Gradient elasticity: non-singular dislocation theory and regularization

Markus Lazar (TU Darmstadt)
Vortrag am 06.05.2019

Abstract

A three-dimensional theory of non-singular dislocations in a particular version of Mindlin's anisotropic gradient elasticity with up to six length scale parameters is presented [1-4]. The theory is systematically developed as a generalization
of the classical anisotropic theory in the  framework of incompatible elasticity. The non-singular version of all key equations of anisotropic dislocation theory  are derived as line integrals, including the Burgers displacement equation with isolated solid angle,  
the Peach-Koehler stress equation, the Mura-Willis equation for the elastic distortion, and the Peach-Koehler force.

From the mathematical point of view, gradient elasticity provides a regularization based on higher order partial differential equations and the length scale parameters are regularization parameters. It is shown that all the elastic fields are non-singular, and that they converge to their classical counterparts a few characteristic lengths away from the dislocation core.
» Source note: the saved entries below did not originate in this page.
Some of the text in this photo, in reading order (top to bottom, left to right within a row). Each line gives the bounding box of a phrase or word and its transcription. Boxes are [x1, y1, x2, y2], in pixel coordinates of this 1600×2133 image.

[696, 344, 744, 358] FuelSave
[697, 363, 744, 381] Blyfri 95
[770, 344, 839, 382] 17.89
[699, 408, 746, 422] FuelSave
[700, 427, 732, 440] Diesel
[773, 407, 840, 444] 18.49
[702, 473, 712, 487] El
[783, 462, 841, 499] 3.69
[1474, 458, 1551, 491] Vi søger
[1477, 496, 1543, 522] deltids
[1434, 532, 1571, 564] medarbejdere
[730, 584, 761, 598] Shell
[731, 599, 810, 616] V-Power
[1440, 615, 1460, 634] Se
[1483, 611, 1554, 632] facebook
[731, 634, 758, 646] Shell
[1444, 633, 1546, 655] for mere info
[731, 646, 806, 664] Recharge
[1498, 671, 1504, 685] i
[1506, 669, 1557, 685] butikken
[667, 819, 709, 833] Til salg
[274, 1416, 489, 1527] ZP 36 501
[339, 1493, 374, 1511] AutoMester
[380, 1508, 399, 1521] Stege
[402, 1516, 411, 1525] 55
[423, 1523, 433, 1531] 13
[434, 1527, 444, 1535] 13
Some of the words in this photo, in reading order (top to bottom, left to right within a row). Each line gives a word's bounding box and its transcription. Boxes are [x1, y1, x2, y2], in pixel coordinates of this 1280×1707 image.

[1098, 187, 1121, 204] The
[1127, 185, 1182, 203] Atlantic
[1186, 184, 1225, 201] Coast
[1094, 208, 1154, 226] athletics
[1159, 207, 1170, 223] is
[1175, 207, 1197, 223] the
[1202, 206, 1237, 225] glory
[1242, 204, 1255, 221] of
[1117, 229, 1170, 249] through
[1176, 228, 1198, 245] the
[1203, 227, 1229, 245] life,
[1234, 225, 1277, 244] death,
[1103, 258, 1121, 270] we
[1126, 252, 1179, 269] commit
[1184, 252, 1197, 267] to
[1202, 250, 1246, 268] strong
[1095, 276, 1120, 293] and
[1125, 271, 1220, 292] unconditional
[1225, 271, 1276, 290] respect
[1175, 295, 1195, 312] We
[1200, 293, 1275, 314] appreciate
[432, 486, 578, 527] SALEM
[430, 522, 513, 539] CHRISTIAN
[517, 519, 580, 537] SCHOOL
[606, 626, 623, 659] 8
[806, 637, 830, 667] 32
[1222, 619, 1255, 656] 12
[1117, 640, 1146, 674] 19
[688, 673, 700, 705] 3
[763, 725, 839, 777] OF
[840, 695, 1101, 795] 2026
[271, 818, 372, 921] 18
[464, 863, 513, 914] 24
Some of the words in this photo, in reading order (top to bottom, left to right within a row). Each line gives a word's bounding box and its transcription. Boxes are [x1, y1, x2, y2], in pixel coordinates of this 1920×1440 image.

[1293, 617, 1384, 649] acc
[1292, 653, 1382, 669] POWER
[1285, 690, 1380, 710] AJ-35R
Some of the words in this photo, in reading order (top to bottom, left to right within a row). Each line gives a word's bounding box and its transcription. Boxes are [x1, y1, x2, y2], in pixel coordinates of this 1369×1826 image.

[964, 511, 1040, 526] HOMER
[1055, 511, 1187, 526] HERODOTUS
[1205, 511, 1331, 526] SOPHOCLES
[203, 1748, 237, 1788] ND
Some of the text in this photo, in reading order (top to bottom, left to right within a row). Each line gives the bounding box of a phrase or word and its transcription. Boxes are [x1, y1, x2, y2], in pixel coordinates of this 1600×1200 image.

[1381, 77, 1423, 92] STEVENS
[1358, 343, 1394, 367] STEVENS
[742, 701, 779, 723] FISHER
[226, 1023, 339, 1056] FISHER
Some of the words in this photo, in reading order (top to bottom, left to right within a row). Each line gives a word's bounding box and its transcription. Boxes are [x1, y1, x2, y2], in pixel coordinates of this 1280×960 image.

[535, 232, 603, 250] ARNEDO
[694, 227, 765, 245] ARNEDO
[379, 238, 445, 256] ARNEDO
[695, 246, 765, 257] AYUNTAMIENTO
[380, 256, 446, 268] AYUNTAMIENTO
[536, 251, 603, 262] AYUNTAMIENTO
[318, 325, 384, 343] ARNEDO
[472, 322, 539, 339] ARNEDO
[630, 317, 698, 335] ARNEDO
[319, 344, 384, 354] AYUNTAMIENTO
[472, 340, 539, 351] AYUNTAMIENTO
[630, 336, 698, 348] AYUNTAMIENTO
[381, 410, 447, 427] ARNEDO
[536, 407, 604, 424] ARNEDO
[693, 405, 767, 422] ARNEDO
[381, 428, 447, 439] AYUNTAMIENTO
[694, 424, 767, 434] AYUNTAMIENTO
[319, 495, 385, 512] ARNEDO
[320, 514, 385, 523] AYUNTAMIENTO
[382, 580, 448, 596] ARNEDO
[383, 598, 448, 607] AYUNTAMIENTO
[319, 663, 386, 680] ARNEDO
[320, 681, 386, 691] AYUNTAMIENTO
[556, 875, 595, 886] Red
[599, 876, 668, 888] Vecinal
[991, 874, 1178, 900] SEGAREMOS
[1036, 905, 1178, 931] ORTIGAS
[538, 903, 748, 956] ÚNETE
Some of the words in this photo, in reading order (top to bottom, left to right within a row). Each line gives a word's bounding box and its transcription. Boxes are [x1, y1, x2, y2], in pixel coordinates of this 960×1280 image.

In practice, the non-singular fields can be obtained from the classical ones by replacing the classical (singular) anisotropic Green tensor with the non-singular anisotropic Green tensor derived in [2]. The elastic solution is valid for arbitrary anisotropic media. In addition to the classical anisotropic elastic constants, the non-singular Green tensor depends on a second order symmetric tensor
of length scale parameters modeling a weak non-locality, whose structure depends on the specific class of crystal symmetry. The anisotropic Helmholtz operator defined by such tensor admits a Green function which is used as the spreading function of the dislocation core. The anisotropic non-singular theory is shown to be in good agreement with molecular statics without fitting parameters, and unlike its singular counterpart, the sign of stress components does not show reversal as the core is approached.

References:

[1] M. Lazar,
    On gradient field theories: gradient magnetostatics and gradient elasticity,
    Philosophical Magazine 94 (2014), 2840-2874.

[2] M. Lazar, G. Po,
    The non-singular Green tensor of Mindlin's anisotropic gradient
    elasticity with separable weak non-locality,
    Physics Letters A 379 (2015), 1538-1543.

[3] G. Po, M. Lazar, N.C. Admal, N. Ghoniem,
    A non-singular theory of dislocations in anisotropic crystals,
    International Journal of Plasticity 103 (2018), 1-22.

[4] M. Lazar, E. Agiasofitou, G. Po,
    Three-dimensional nonlocal anisotropic elasticity:
    a generalized continuum theory of Angström-mechanics,
    submitted for publication (2019).